Segment Start: Task inputs

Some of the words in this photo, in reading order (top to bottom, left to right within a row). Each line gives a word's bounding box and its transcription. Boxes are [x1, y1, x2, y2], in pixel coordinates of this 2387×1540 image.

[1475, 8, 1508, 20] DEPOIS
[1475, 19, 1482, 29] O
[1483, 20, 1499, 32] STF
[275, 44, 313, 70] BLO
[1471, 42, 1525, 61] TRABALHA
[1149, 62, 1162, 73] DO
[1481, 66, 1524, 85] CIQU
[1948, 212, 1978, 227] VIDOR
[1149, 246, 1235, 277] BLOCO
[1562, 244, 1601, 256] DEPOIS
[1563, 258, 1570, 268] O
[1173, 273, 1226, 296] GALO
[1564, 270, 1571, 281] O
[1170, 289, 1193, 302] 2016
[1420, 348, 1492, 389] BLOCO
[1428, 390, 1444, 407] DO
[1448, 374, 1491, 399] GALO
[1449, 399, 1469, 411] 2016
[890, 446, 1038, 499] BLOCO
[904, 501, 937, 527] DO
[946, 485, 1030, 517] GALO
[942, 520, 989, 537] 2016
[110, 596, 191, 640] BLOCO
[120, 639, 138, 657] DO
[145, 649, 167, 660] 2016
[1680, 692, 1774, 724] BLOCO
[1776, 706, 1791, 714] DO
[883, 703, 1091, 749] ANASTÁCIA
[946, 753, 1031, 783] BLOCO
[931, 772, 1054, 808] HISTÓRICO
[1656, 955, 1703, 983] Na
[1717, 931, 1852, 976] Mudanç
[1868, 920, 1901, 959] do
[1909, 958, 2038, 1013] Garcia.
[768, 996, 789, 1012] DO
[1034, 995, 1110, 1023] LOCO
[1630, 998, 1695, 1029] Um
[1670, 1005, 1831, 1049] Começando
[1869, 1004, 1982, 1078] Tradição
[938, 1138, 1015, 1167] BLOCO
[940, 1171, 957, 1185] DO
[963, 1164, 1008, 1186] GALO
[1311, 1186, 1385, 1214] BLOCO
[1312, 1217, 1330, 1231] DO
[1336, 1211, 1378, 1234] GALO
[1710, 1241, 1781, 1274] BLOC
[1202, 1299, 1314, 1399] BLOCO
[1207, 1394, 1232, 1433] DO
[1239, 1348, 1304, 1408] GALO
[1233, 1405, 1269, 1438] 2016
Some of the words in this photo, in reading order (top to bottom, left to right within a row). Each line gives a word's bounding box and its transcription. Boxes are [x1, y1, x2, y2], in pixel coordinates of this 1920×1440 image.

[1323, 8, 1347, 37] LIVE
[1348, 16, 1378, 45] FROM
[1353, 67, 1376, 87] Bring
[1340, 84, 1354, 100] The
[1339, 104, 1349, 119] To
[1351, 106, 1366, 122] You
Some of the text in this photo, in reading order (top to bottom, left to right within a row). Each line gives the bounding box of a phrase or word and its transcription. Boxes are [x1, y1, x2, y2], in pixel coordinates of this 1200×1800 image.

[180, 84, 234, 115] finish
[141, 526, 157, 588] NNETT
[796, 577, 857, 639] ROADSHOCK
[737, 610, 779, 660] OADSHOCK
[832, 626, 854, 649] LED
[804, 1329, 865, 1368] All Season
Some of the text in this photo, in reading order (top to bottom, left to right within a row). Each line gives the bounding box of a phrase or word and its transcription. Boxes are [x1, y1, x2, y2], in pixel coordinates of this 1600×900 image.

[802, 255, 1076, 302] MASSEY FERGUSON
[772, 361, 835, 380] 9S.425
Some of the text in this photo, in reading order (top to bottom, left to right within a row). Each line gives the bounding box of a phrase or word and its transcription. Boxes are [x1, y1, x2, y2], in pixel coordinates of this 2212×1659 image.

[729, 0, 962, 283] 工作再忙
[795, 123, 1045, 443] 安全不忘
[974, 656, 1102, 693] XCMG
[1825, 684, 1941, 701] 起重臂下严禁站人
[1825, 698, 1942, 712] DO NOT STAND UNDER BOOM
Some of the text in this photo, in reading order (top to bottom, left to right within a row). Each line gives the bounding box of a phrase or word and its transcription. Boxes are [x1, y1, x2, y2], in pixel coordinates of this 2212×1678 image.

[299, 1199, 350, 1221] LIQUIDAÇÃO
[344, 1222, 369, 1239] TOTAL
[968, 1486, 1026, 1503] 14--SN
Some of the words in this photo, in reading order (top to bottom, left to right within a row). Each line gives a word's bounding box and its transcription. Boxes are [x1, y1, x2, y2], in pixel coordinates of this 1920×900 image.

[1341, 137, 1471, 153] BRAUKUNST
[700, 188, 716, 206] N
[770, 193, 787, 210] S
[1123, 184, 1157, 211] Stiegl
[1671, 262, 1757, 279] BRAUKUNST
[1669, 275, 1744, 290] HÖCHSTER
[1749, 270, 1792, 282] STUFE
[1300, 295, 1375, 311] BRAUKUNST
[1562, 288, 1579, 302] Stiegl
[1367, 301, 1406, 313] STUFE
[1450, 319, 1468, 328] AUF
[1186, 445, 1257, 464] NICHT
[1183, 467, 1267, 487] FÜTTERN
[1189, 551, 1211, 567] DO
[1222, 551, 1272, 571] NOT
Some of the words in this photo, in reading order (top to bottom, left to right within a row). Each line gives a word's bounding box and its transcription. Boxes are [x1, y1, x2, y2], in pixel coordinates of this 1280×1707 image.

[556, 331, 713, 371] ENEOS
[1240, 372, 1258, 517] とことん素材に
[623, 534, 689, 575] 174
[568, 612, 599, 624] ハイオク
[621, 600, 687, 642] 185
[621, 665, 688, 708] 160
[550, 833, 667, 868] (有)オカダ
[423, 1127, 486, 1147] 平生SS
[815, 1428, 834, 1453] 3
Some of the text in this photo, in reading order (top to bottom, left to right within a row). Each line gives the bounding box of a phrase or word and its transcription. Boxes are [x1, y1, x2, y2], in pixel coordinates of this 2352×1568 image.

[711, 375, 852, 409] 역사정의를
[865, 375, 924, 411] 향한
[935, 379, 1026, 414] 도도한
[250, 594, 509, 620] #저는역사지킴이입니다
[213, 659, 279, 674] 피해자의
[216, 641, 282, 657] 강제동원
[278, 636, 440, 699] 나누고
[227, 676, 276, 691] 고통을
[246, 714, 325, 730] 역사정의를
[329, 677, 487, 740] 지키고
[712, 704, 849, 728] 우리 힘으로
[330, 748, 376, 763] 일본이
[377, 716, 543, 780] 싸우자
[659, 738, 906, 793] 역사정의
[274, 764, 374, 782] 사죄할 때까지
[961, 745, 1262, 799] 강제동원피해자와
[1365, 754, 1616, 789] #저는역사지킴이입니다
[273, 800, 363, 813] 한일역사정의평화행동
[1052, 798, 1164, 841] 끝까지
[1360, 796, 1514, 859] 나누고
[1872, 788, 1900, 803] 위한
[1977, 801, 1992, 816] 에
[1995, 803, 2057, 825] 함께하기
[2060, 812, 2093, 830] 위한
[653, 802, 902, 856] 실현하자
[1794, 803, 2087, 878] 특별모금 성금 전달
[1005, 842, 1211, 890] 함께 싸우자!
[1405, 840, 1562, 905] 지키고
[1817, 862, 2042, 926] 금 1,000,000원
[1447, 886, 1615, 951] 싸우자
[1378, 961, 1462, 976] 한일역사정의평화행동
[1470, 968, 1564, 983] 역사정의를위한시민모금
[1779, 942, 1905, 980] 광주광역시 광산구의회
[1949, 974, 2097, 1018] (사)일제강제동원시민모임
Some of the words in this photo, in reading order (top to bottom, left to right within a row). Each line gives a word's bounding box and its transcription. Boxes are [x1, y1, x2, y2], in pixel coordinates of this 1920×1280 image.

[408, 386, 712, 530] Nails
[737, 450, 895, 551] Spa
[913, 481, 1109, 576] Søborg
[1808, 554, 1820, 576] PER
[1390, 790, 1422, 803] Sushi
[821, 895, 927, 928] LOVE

Segment End: Task inputs

**What is being asked**
Locate the line that contains "this 1920×1280 image.", then please quote it and every line after it to the end of the entries above, exactly and with nothing else.

**Task result**
Some of the words in this photo, in reading order (top to bottom, left to right within a row). Each line gives a word's bounding box and its transcription. Boxes are [x1, y1, x2, y2], in pixel coordinates of this 1920×1280 image.

[408, 386, 712, 530] Nails
[737, 450, 895, 551] Spa
[913, 481, 1109, 576] Søborg
[1808, 554, 1820, 576] PER
[1390, 790, 1422, 803] Sushi
[821, 895, 927, 928] LOVE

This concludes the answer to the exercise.